A Milano il ministro e il professore hanno discusso davanti agli studenti della Bocconi i problemi della «Patrimonio spa». MILANO «La Patrimonio spa non è uno strumento a disposizione del Governo per fare "quello che gli passa per la testa dei beni artistici del Paese». Giuliano Urbani (nella foto) ripete ormai da mesi la difesa de1 decreto legge del giugno 2002 che rende possibile l'alienazione del patrimonio dello Stato attraverso la «Patrimonio spa». E si ripete, il ministro dei Beni culturali, anche nell'aula magna dell'Università Bocconi, piena di studenti, dove Urbani si misura con un suo grande antagonista, Salvatore Settis, direttore della Scuola Normale di Pisa. Sono due sistemi che si confrontano: da una parte c'è uno Sta o che sceglie la strada delle privatizzazioni, anche se avverte con Urbani: «Capisco le preoccupazioni, ma le ritengo infondate. Perché il passaggio di beni è regolato da leggi ben precise». Abbiamo, dice il ministro, un patrimonio invidiabile, che è una ricchezza per tutti: «Quando disegniamo qualsiasi cosa, un oggetto, una Sedia, un vestito, troviamo un tratto caratteristico che rende il nostro prodotto vincente sui mercati. E questo grazie alla nostra eredità culturale, al nostro Dna». Già, replica Settis, «il nostro patrimonio culturale è il fulcro della nostra identità nazionale e della nostra memoria storica» Ma, aggiunge il professore, «il sistema di tutela e di gestione italiano, fino a pochi decenni fa all'avanguardia, è stato delegittimato e smantellato a opera degli stessi ministri a cui era affidato». Spiega anche che i governi, di centrosinistra e di centrodestra «si sono industriati ad allargare la presenza dei privati a scapito della pubblica amministrazione fino a prefigurare la totale alienabilità del patrimonio culturale». A preoccupare, spiega Settis a Urbani, è l'aspetto economicistico del problema. Uno Stato che vende i suoi gioielli per migliorare i conti economici. Un patrimonio culturale che rischia di essere se non disperso, depauperato. Anche l'idea di adottare il modello americano per la gestione dei musei è perdente, secondo Salvatore Settis. Il ministro Urbani promette correzioni alla legge, ulteriori paletti. Ma avverte anche che bisogna essere «coraggiosi e innovativi». I gioielli di famiglia non si vendono, il patrimonio artistico sarà salvaguardato, ma «i soldi in qualche modo bisogna trovarli». Anche, e soprattutto, per l'arte.

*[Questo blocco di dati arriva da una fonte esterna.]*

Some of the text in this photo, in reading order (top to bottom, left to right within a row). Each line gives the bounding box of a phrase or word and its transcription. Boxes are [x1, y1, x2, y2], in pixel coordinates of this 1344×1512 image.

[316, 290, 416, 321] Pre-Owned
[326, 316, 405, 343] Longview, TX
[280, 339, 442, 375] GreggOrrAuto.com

Urbani e Settis, due antagonisti e una sola passione: i Beni culturali -
Il ministro dei Beni culturali, Giuliano Urbani, e il professore Salvatore Settis hanno discusso davanti agli studenti della Bocconi sui problemi della Patrimonio spa. Urbani difende il decreto legge del 2002 che consente l'alienazione del patrimonio dello Stato attraverso la Patrimonio spa, mentre Settis critica il sistema di tutela e gestione italiano, considerandolo delegittimato e smantellato. Settis preoccupa l'aspetto economicistico del problema, sostenendo che uno Stato che vende i suoi gioielli per migliorare i conti economici rischia di depauperare il patrimonio culturale. Urbani promette correzioni alla legge e innovazioni, ma sostiene che i soldi per l'arte devono essere trovati.